WHAT IS NEEDED
The records below must be returned exactly, with every picture left out.

GIVEN DATA
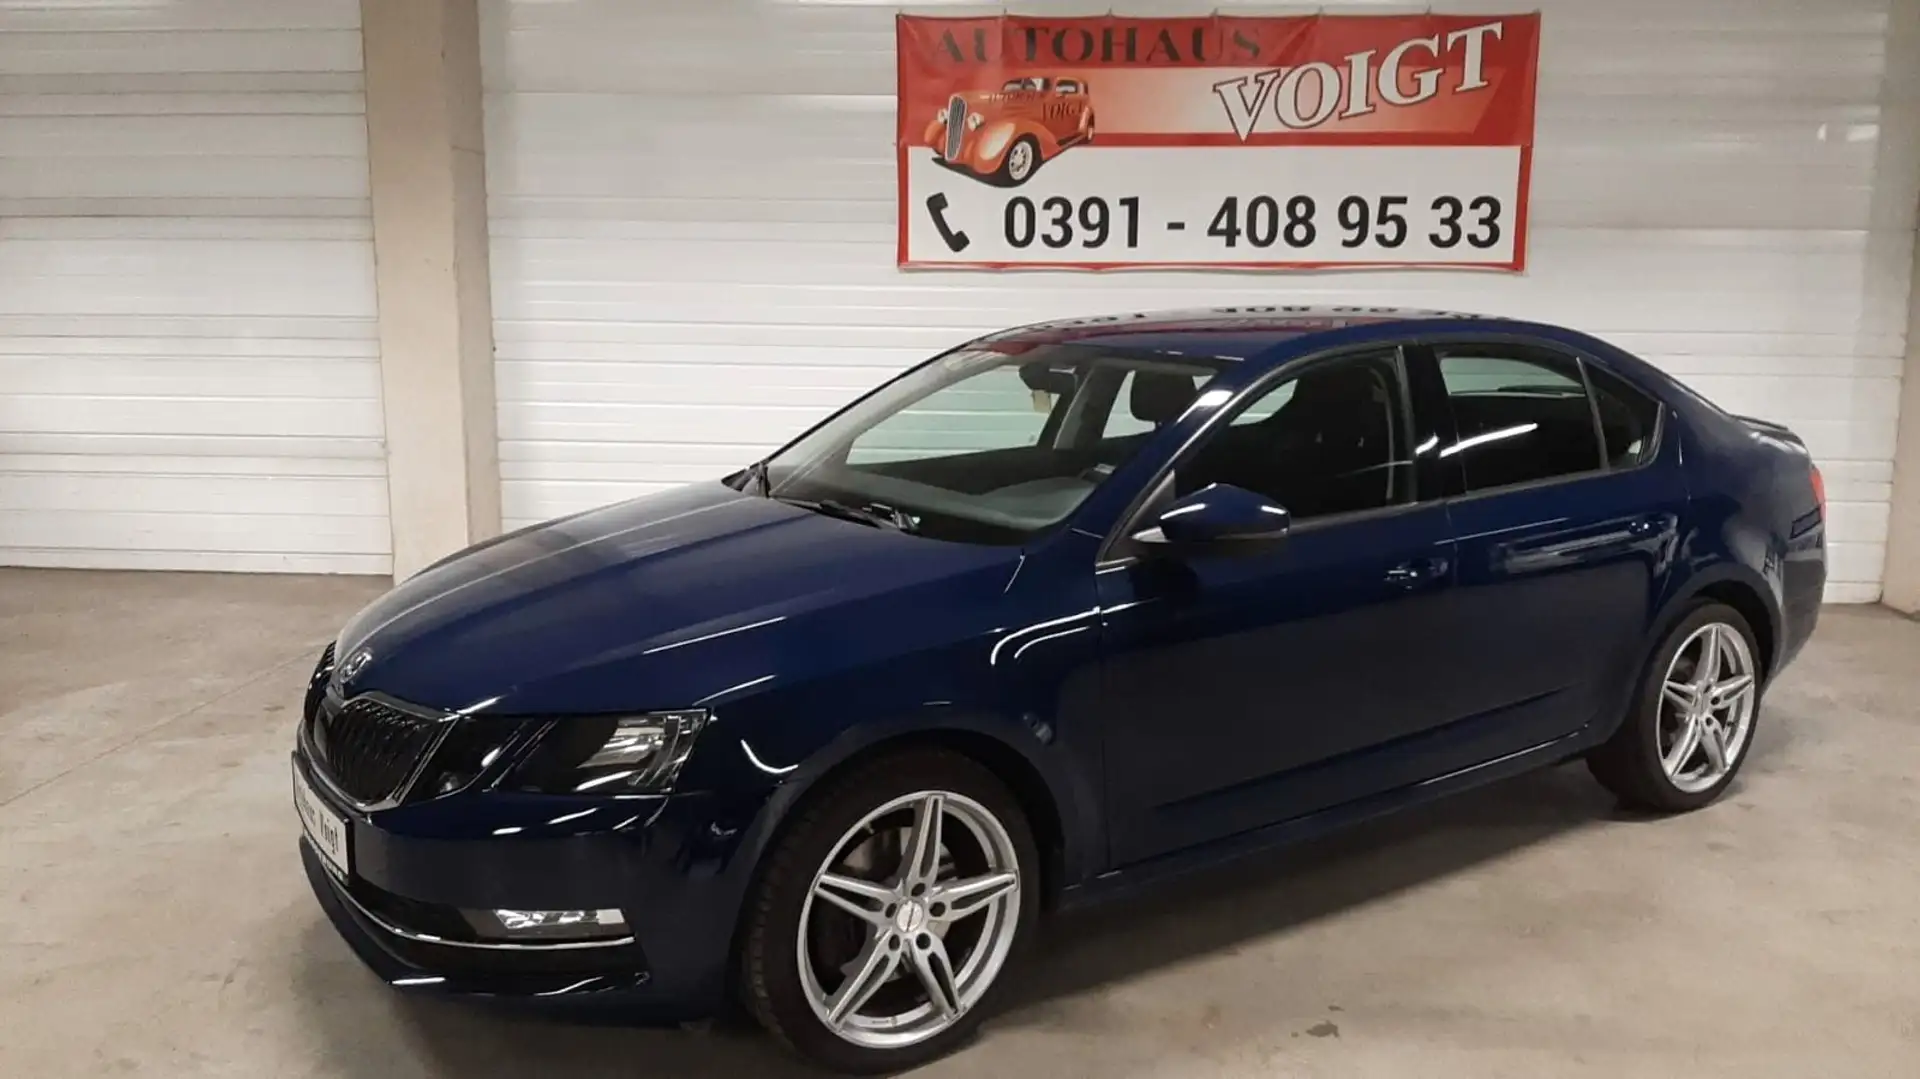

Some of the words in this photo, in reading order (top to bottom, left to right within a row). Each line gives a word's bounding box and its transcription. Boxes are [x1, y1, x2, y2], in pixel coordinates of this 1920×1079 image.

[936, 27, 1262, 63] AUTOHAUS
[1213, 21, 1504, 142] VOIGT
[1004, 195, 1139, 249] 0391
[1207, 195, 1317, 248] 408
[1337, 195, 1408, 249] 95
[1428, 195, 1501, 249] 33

WORKED SOLUTION
Some of the words in this photo, in reading order (top to bottom, left to right within a row). Each line gives a word's bounding box and its transcription. Boxes are [x1, y1, x2, y2], in pixel coordinates of this 1920×1079 image.

[936, 27, 1262, 63] AUTOHAUS
[1213, 21, 1504, 142] VOIGT
[1004, 195, 1139, 249] 0391
[1207, 195, 1317, 248] 408
[1337, 195, 1408, 249] 95
[1428, 195, 1501, 249] 33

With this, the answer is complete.